SPORT1-Experte Stefan Kretzschmar bewertet die Spitzenpartien des vergangenen Spieltages im Hinblick auf den Titel. Uwe Gensheimers möglichen Wechsel könnte er verstehen.

Hallo Handball-Fans,

Flensburgs Sieg im Derby gegen Kiel ist für mich keine Überraschung. Zuhause mit der Kulisse im Rücken war es ihnen absolut zuzutrauen, Kiel zu schlagen.

Natürlich hat der THW Weltklassespieler in seinen Reihen - aber wenn man da mal durchwechseln will, wird es für Alfred Gislason mit Ausnahme der halbrechten Position schon schwer. Domagoj Duvnjak und Joan Canellas müssen momentan fast die komplette Distanz gehen.

Flensburg dagegen hat vor der Saison enorm in die Breite investiert und jetzt mehr Wechselmöglichkeiten. Flensburgs Sieg ist aber keine Vorentscheidung oder ein Richtungsweiser in der Meisterschaftsentscheidung.

Es zeigt einfach, dass sich beide Mannschaften auf Augenhöhe befinden und dass auch Flensburg das Potenzial hat, Deutscher Meister zu werden. Es wird aber diese Saison keine deutliche Geschichte werden - für keine Mannschaft.

Ich erwarte in der Tat einen spannenden Vierkampf bis zum Ende. Ich habe schon vor der Saison gesagt, dass für mich auch die Rhein-Neckar Löwen und Magdeburg eine durchaus realistische Chance auf die Meisterschaft haben.

Der SC Magdeburg hat ja am Sonntag gegen die Löwen eindrucksvoll bewiesen, wozu er in der Lage ist. Am Ende ist es sehr unglücklich für den SCM gelaufen.

Hätten sie kurz vor Schluss nicht den Siebenmeter verworfen, wäre das Spiel wahrscheinlich anders ausgegangen.

Jetzt haben die Löwen gewonnen. Respekt, Glückwunsch! Sie haben das souverän gemacht, trotz des langen Rückstandes nicht die Nerven verloren und ihren Stiefel im Stile einer Klassemannschaft runtergespielt.

Sollte ihr Kapitän Uwe Gensheimer den Verein verlassen, würden die Löwen den in meinen Augen besten Linksaußen der Welt verlieren. Dass er Begehrlichkeiten weckt und sich ein finanzstarker Verein wie Paris St.

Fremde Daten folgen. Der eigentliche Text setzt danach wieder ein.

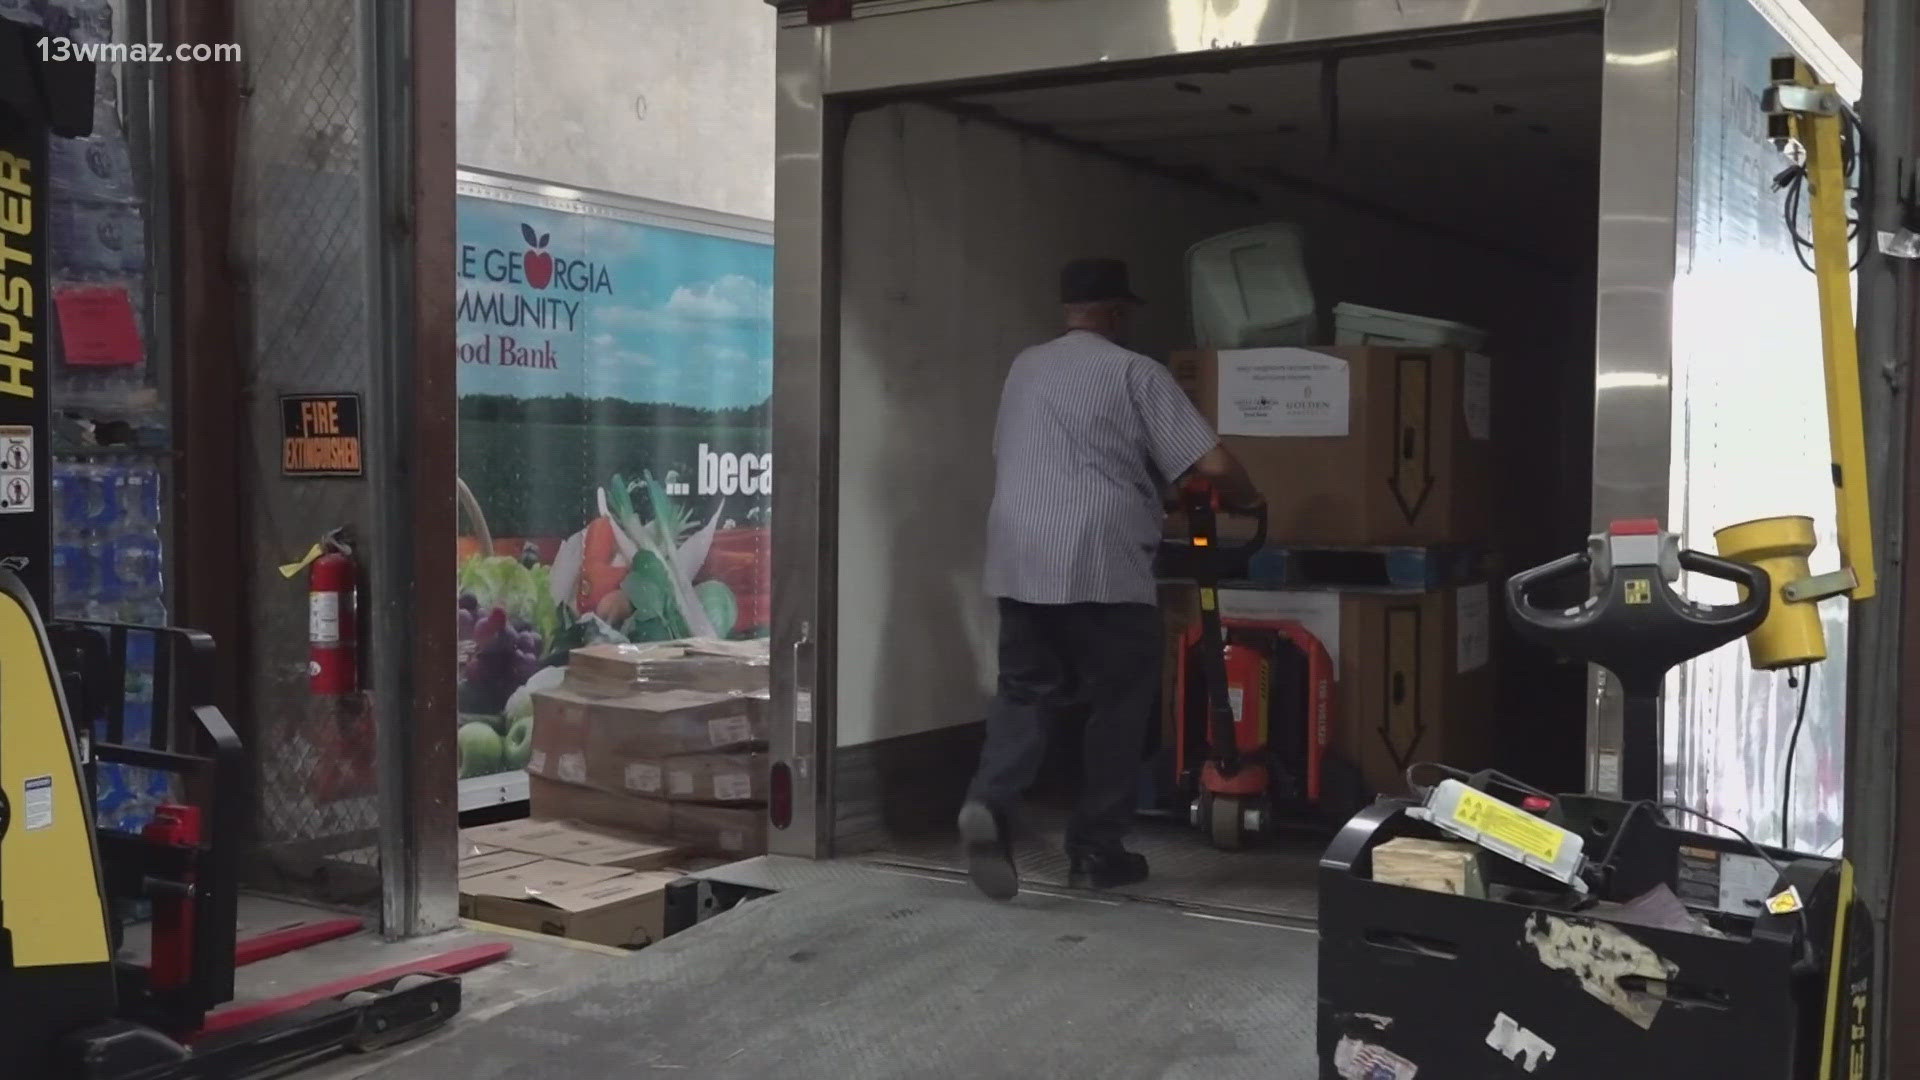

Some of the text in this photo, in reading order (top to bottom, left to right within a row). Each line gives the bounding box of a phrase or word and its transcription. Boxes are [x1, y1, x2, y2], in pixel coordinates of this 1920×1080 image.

[0, 151, 34, 399] HYSTER
[457, 245, 476, 278] E
[457, 335, 559, 370] od Bank
[301, 401, 340, 436] FIRE
[698, 443, 773, 495] beca

Germain um ihn bemüht, spricht in erster Linie für seine sportlichen Fähigkeiten.

Uwe Gensheimer
Gensheimer spielt seit 2003 bei den Löwen © Getty Images

Der Junge steht jetzt vor einer brutal schwierigen Entscheidung. Einerseits kann er in seiner Region unsterblich werden und mit seinem Heimatverein Titel feiern. Was ich sehr sympathisch finde als Ansatz.

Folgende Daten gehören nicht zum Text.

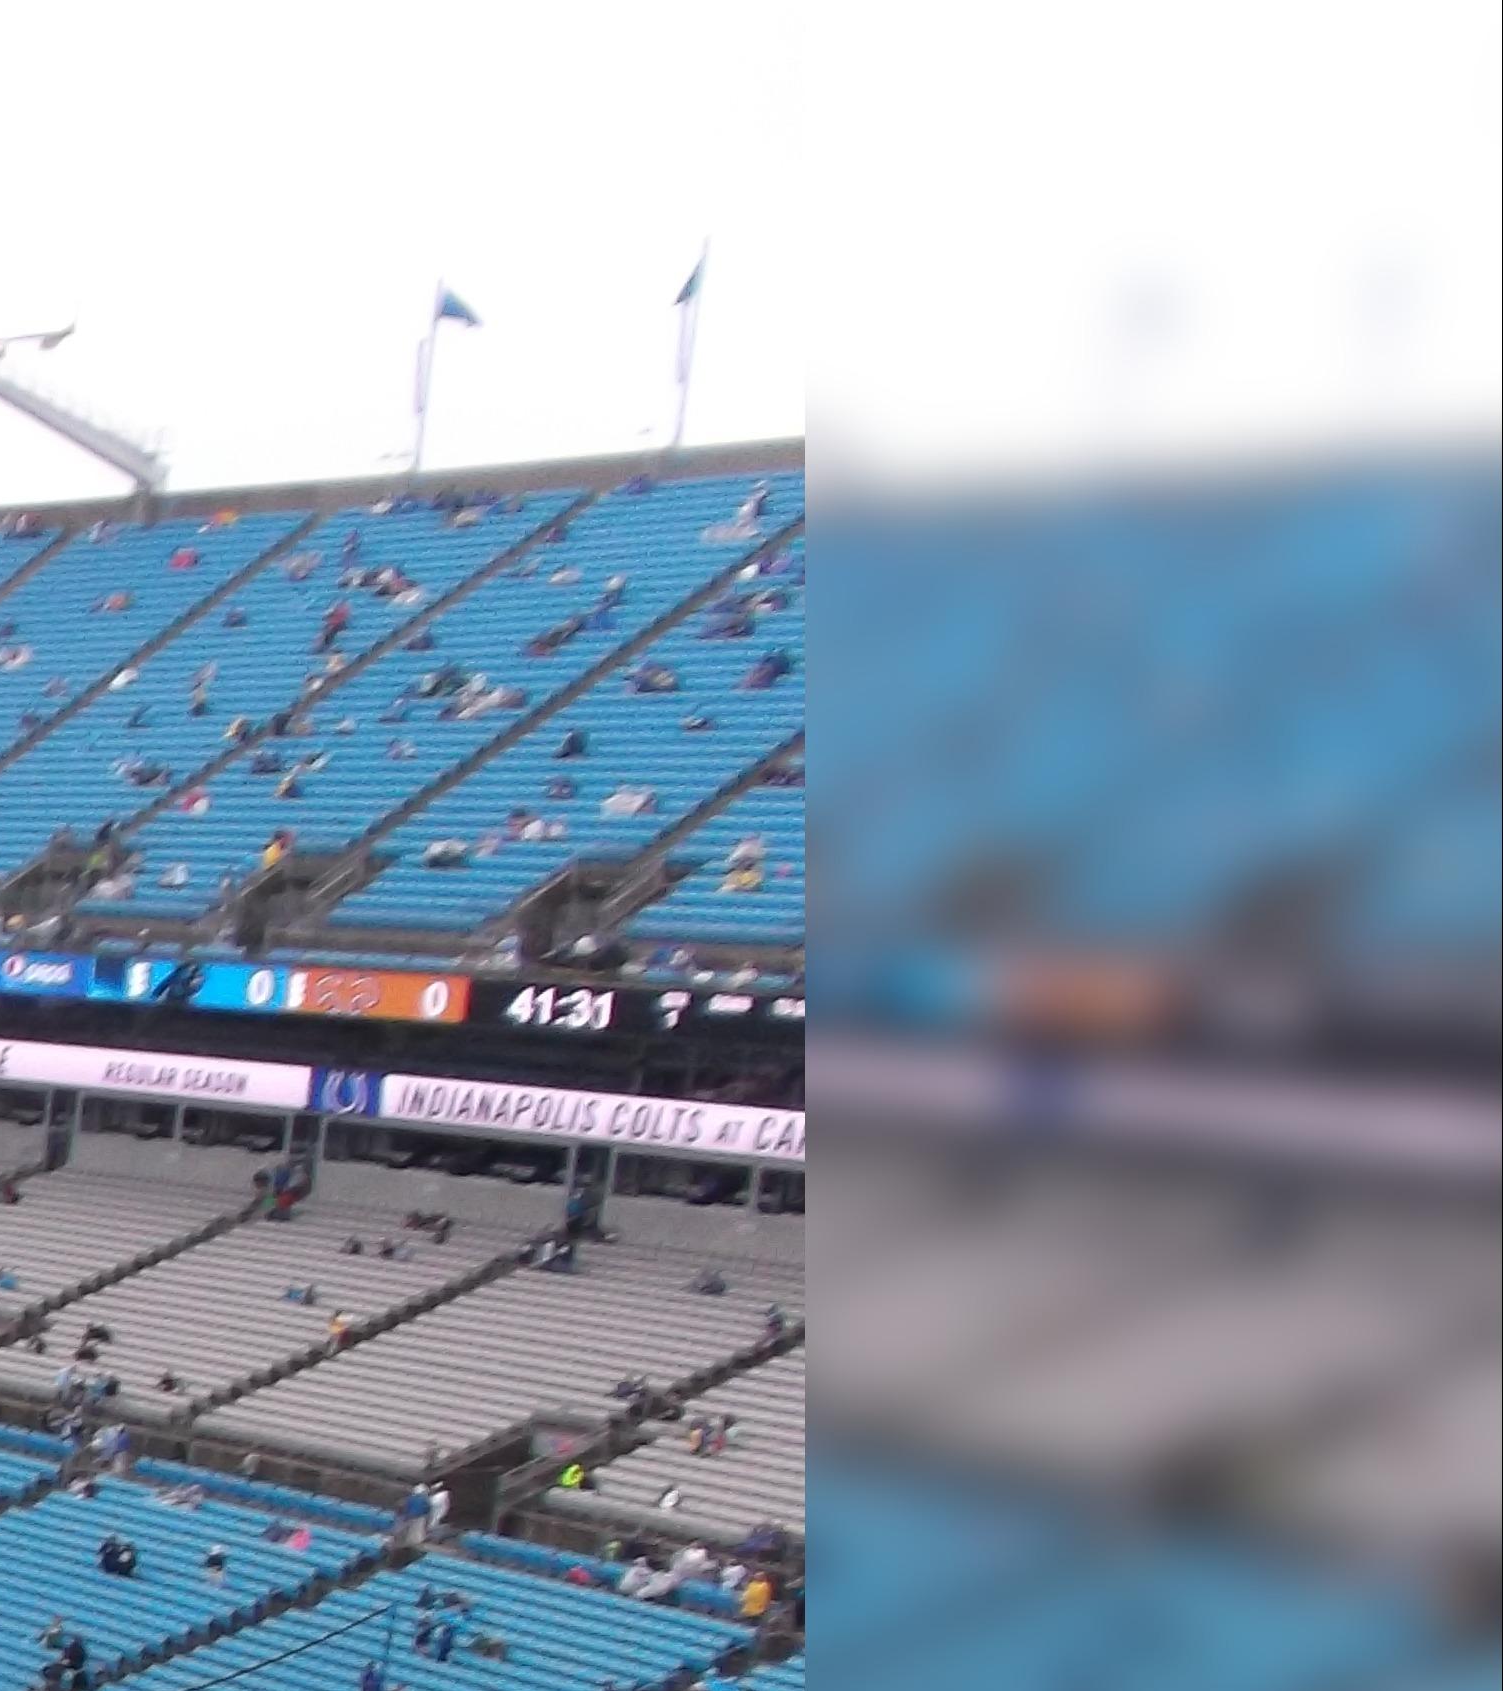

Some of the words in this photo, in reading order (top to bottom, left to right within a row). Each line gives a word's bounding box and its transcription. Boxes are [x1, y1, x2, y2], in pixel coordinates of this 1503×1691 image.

[246, 968, 275, 1006] 0
[420, 980, 449, 1018] 0
[506, 985, 616, 1031] 41:31
[104, 1061, 178, 1090] REGULAR
[182, 1068, 247, 1095] SEASON
[398, 1079, 596, 1133] INDIANAPOLIS
[611, 1102, 702, 1142] COLTS
[715, 1120, 744, 1143] AT
[754, 1116, 805, 1154] CA

Anderseits bietet sich ihm die Möglichkeit, sich persönlich und kulturell noch einmal weiter zu entwickeln, eine Fremdsprache zu lernen.

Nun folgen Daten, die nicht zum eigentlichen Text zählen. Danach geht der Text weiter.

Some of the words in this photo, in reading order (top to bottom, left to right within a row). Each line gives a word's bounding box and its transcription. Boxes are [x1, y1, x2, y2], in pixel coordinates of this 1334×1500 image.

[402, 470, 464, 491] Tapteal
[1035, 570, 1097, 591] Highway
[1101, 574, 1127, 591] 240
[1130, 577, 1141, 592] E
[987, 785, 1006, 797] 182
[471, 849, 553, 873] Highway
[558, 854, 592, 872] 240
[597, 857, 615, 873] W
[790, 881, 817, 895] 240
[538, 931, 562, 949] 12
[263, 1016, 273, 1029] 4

Es ist natürlich verlockend, zu einem absoluten Top-Verein der Welt zu gehen und mit Weltstars wie Karabatic, Hansen und Narcisse zu spielen.

Da muss man die Argumente ganz genau abwägen. Ich würde ihn weder für das eine noch das andere verurteilen.

Aber jetzt freue ich mich erst einmal auf das Duell meiner Leipziger gegen den SCM im Rahmen des nächsten Handball-Doppelpacks auf SPORT1 am Mittwoch - da werden zwei Herzen in meiner Brust schlagen...

Euer Kretzsche

Stefan Kretzschmar, 42, ist seit 2009 als Experte und Co-Kommentator das Handball-Gesicht von SPORT1. Der neben Heiner Brand wohl bekannteste deutsche Handballer hat in 218 Länderspielen 817 Tore für den DHB erzielt, gewann unter anderem Olympia-Silber in Athen 2004. In der Bundesliga war der ehemalige Weltklasse-Linksaußen für den SC Dynamo Berlin, Blau-Weiß Spandau, den VfL Gummersbach und zuletzt den SC Magdeburg aktiv, mit dem er 2002 die Champions League gewann. Bei SPORT1.de analysiert "Kretzsche" wöchentlich in seiner Kolumne das Handball-Geschehen.